Since a quartz watch crystal oscillates for several years, accumulating almost 2 million flexural cycles per minute, on the energy contained within a watch battery, resonant frequency must therefore represent a highly efficient
operating frequency!

Resonant cylinder systems are normally configured to allow a high-quality internal vacuum to exist around the resonant structure, thereby eliminating the viscous
damping effects that an internal gas environment would present to the resonating structure, and to reduce the drive power requirements. The internal vacuum also prevents ideal gas thermal expansion forces that would act upon the resonant structure and the large variable effects that airborne moisture would cause. The use of high-elasticity, low-creep, and low hysteretic materials
in the fabrication of the resonant structure results in a highly-stable and high-resolution measurement method.

The structural resonance of the cylinder is driven by a feedback-controlled oscillator circuit configured to maintain the resonant structure at its most mechanically-efficient frequency or “maximum-Q” response point. Counter
circuitry then counts the oscillator output over some defined time-averaging window.

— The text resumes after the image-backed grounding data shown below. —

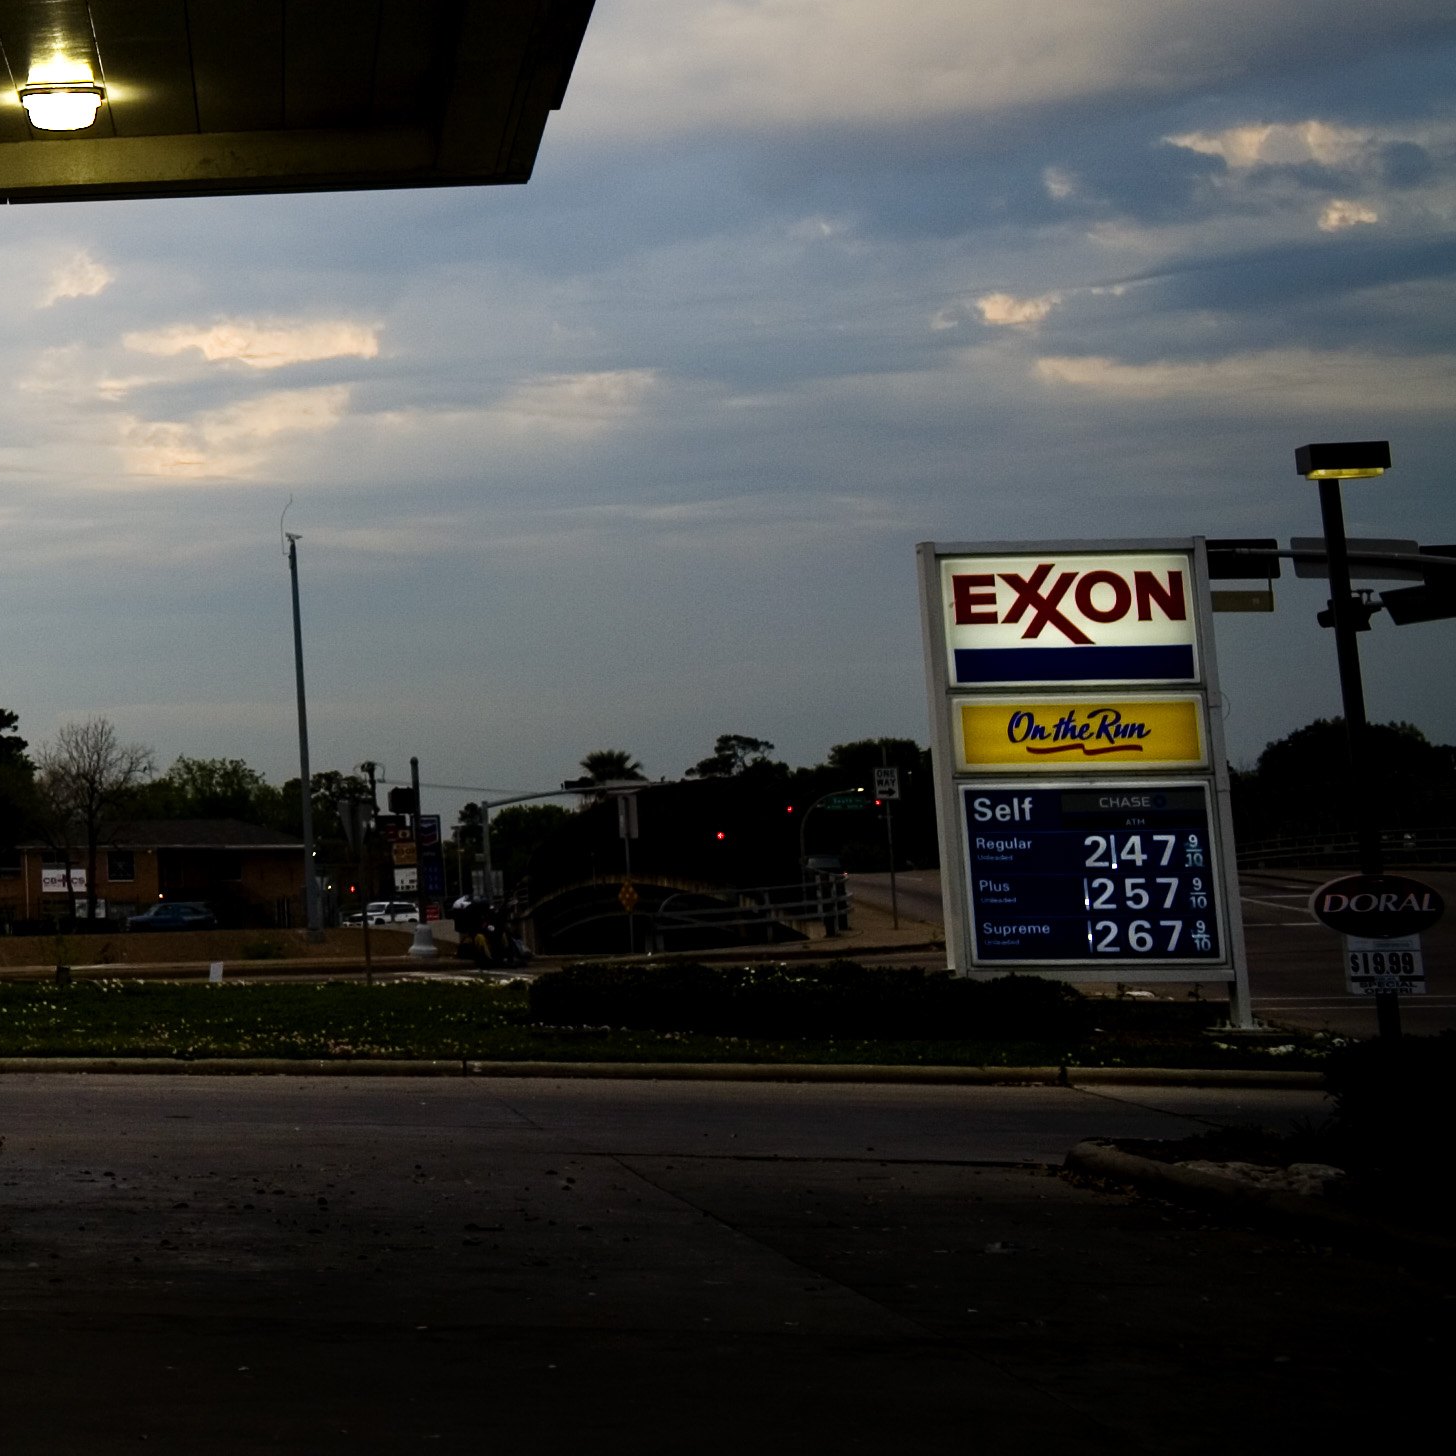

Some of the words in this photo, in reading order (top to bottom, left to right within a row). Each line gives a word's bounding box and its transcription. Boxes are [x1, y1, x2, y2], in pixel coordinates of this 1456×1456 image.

[952, 564, 1187, 644] EXXON
[1007, 711, 1051, 743] On
[1052, 709, 1094, 741] the
[1087, 708, 1151, 743] Run
[876, 769, 895, 777] ONE
[876, 778, 896, 786] WAY
[973, 796, 1033, 822] Self
[1098, 796, 1151, 808] CHASE
[1124, 818, 1146, 827] ATM
[975, 837, 1032, 852] Regular
[979, 879, 1010, 892] Plus
[1090, 877, 1180, 910] 257
[1322, 893, 1437, 913] DORAL
[982, 921, 1051, 936] Supreme
[1094, 919, 1183, 953] 267
[1350, 952, 1415, 975] $19.99
[1359, 981, 1418, 989] SPECIAL
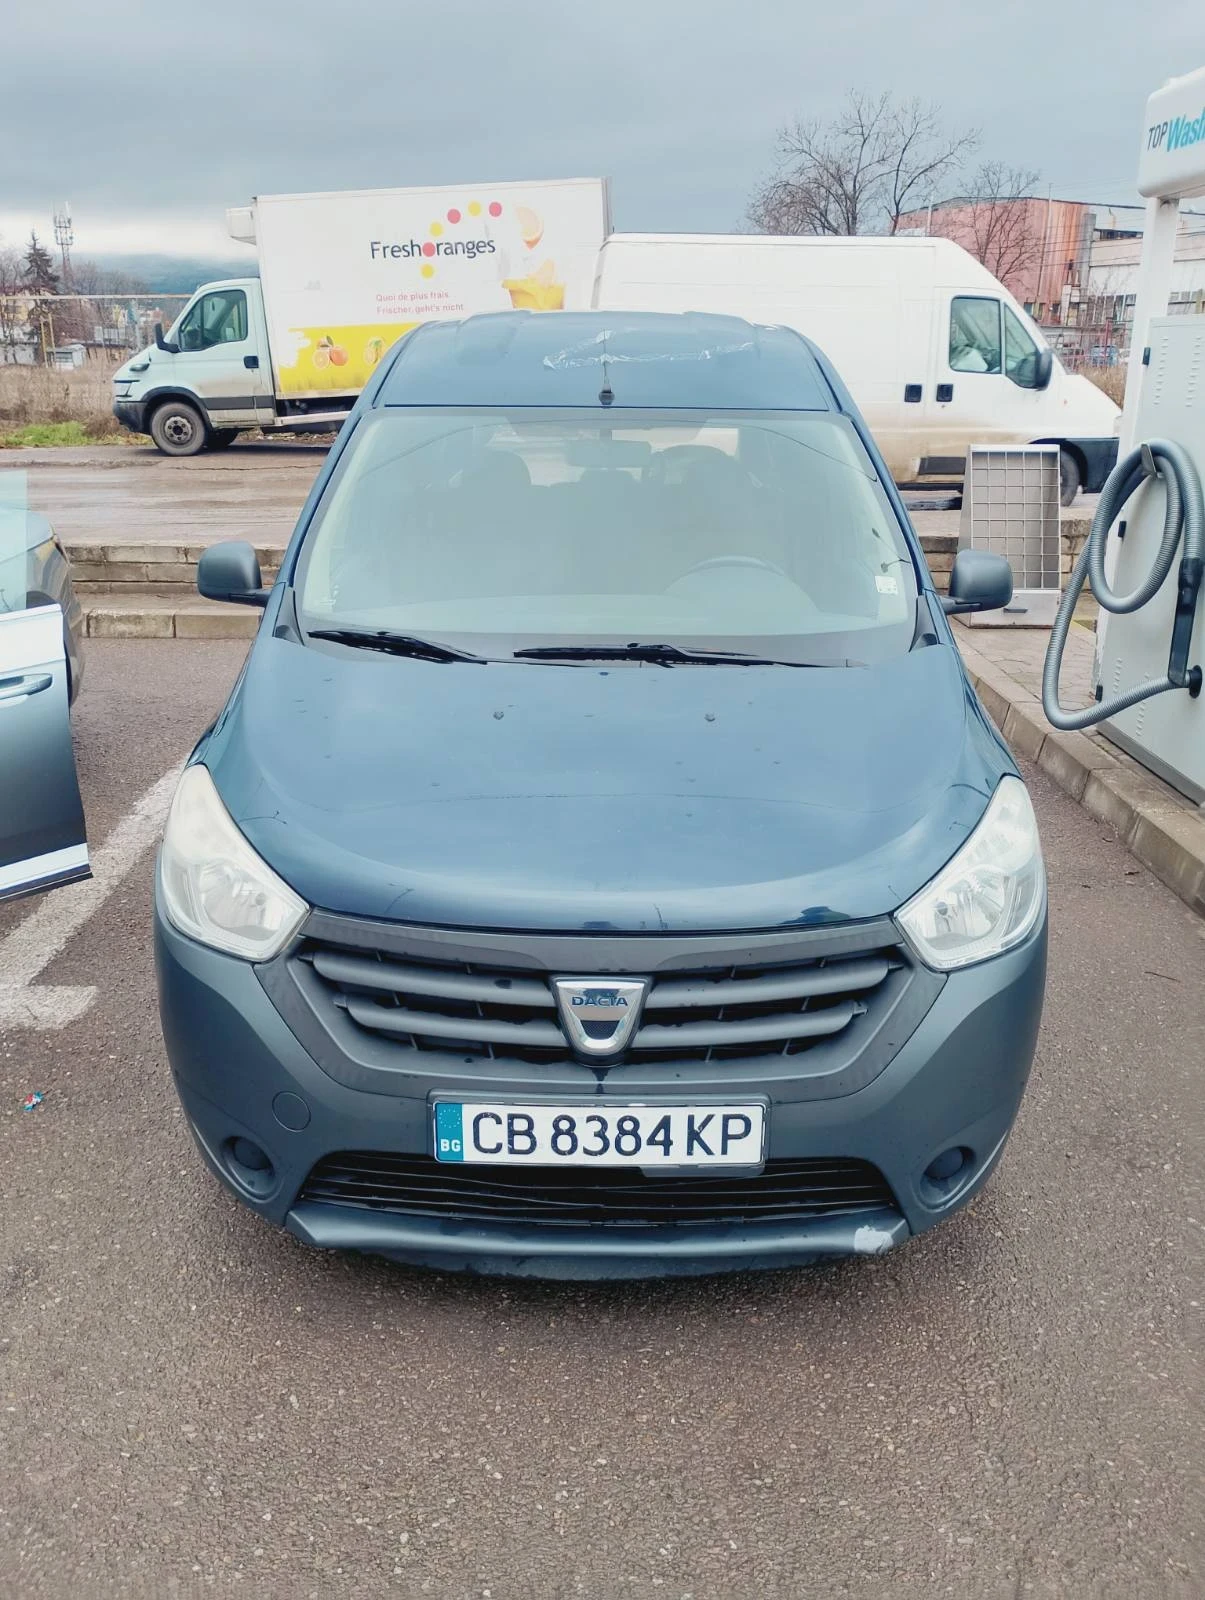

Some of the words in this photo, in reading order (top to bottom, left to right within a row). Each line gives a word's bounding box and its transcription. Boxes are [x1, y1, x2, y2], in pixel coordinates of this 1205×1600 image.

[376, 293, 396, 302] Quoi
[398, 293, 408, 301] de
[410, 291, 428, 302] plus
[430, 290, 449, 299] frais
[442, 302, 464, 312] nicht
[571, 996, 629, 1007] DACIA
[472, 1112, 537, 1155] CB
[550, 1113, 674, 1157] 8384
[686, 1113, 752, 1157] KP
[440, 1138, 461, 1152] BG

The frequency response of the resonant sensor is therefore a direct function of the number of time -averaged samples provided per second and is generally
low. Alternatively, the frequency of the resonant structure can be measured utilizing a period measurement system to provide a much wider measurement bandwidth.

Period measurement systems rely upon a second internal time base operating at a much higher frequency than the resonant structure to provide adequate period resolution.

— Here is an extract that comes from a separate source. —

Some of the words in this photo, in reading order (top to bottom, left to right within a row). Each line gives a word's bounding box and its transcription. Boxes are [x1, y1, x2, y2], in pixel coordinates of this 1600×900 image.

Naturally occurring electrical noise tends to generate uncertainty in the turn-on and turn-off points in period measuring systems resulting in degraded overall
measurement resolution.

Counting many resonant cycles over some defined time period tends to average circuit noise to zero improving measurement resolution. For static or quasi-static
measurements, the longer the counting time period, the higher is the resolution of the system.

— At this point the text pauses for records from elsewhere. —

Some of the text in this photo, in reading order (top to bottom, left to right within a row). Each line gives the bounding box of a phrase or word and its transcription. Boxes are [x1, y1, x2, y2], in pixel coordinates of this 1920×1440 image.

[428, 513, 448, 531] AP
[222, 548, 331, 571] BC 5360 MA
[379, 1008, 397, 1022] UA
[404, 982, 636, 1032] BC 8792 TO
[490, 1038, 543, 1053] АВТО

It is not uncommon for resonant sensors to show 8 decades or more of signal resolution.

Resonant-cylinder pressure sensors are sensitive to media density as the measurand is admitted directly into contact with the resonant structure. These
sensors are provided with inlet filters to prevent the ingress of particulate matter.

In metallic cylinder structures, the thermoelastic modulus results in a strong thermal-sensitivity dependence and these systems are most often thermally controlled to minimize thermal error.

The resonant-cylinder device provides extreme resolution with excellent linearity but where a single degree of temperature change can result in error that is 10 to 100 times greater than the nonlinearity error.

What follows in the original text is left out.